Neural networks meet anisotropic hyperelasticity: A framework based on generalized structure tensors and isotropic tensor functions
Karl A. Kalina, Jörg Brummund, WaiChing Sun, Markus Kästner
TL;DR
This work presents a physics-augmented neural network (PANN) framework for anisotropic finite-strain hyperelasticity that leverages generalized structure tensors up to order 6 to encode material symmetry. By training parameterized GSTs together with a neural-energy surrogate and incorporating trainable gates for sparsity, the method automatically detects anisotropy classes and orientations from multiscale homogenization data. The approach achieves excellent interpolation and notably superior extrapolation performance compared to coordinate-based NN models, while enforcing key physical constraints by construction.
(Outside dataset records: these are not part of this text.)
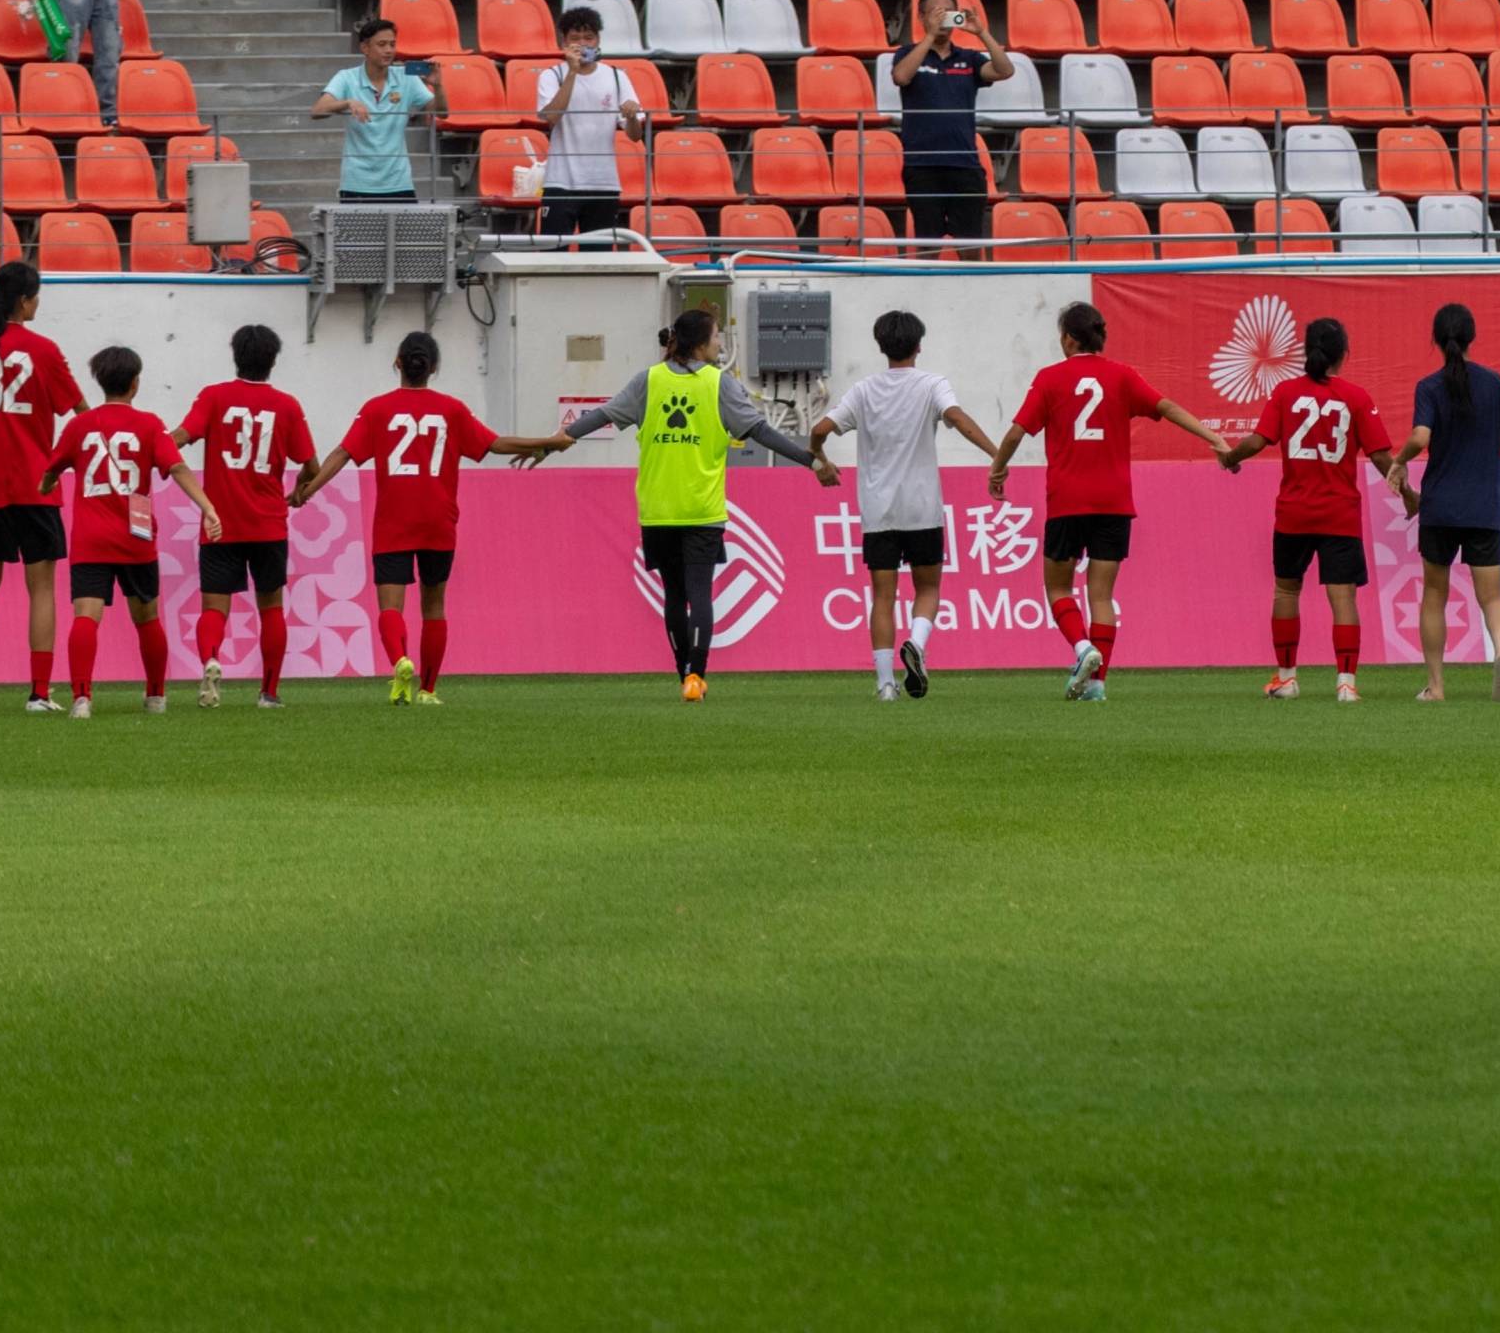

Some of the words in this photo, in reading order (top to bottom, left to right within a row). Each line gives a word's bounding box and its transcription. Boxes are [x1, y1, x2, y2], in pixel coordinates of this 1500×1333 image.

[221, 406, 276, 475] 31
[652, 433, 701, 445] KELME
[1074, 377, 1104, 441] 2
[1287, 396, 1351, 464] 23
[81, 431, 140, 497] 26
[388, 413, 447, 477] 27
With data generated from five RVEs, the method demonstrates robust anisotropy identification and compact, accurate macroscopic surrogates suitable for multiscale FE implementations and real experimental data assimilation.
Abstract
We present a data-driven framework for the multiscale modeling of anisotropic finite strain elasticity based on physics-augmented neural networks (PANNs). Our approach allows the efficient simulation of materials with complex underlying microstructures which reveal an overall anisotropic and nonlinear behavior on the macroscale. By using a set of invariants as input, an energy-type output and by adding several correction terms to the overall energy density functional, the model fulfills multiple physical principles by construction. The invariants are formed from the right Cauchy-Green deformation tensor and fully symmetric 2nd, 4th or 6th order structure tensors which enables to describe a wide range of symmetry groups. Besides the network parameters, the structure tensors are simultaneously calibrated during training so that the underlying anisotropy of the material is reproduced most accurately. In addition, sparsity of the model with respect to the number of invariants is enforced by adding a trainable gate layer and using lp regularization. Our approach works for data containing tuples of deformation, stress and material tangent, but also for data consisting only of tuples of deformation and stress, as is the case in real experiments. The developed approach is exemplarily applied to several representative examples, where necessary data for the training of the PANN surrogate model are collected via computational homogenization. We show that the proposed model achieves excellent interpolation and extrapolation behaviors. In addition, the approach is benchmarked against an NN model based on the components of the right Cauchy-Green deformation tensor.